Provided records ->
* * * *

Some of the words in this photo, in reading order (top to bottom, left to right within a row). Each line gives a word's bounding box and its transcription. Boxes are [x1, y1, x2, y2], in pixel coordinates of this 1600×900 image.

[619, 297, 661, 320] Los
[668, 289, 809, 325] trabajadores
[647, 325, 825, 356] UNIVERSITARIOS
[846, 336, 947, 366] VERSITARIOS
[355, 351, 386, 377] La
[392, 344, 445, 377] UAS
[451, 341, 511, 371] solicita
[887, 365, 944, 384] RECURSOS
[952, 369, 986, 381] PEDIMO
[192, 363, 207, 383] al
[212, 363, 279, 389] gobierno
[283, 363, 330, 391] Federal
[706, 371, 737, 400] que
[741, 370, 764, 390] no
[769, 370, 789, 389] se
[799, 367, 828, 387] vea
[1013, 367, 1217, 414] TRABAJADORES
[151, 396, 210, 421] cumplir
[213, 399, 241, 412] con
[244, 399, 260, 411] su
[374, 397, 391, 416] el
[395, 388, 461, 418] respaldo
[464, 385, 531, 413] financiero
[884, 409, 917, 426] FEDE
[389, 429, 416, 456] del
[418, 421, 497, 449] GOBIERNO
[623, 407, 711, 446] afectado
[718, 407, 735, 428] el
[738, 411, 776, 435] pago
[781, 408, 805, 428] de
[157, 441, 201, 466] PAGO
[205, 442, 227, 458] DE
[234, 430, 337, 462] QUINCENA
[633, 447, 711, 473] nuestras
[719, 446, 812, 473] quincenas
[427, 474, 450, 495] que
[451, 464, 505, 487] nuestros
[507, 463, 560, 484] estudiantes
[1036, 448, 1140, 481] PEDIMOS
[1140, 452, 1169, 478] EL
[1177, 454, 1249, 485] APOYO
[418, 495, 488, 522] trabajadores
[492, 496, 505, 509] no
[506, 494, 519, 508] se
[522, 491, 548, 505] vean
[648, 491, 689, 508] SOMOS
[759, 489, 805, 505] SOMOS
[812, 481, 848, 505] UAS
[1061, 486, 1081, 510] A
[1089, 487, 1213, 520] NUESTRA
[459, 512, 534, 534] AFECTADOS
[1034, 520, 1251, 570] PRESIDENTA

* * * *

Task details ->
Go through the material above, find each line with the string "SOMOS", and copy it.

Completed task ->
[648, 491, 689, 508] SOMOS
[759, 489, 805, 505] SOMOS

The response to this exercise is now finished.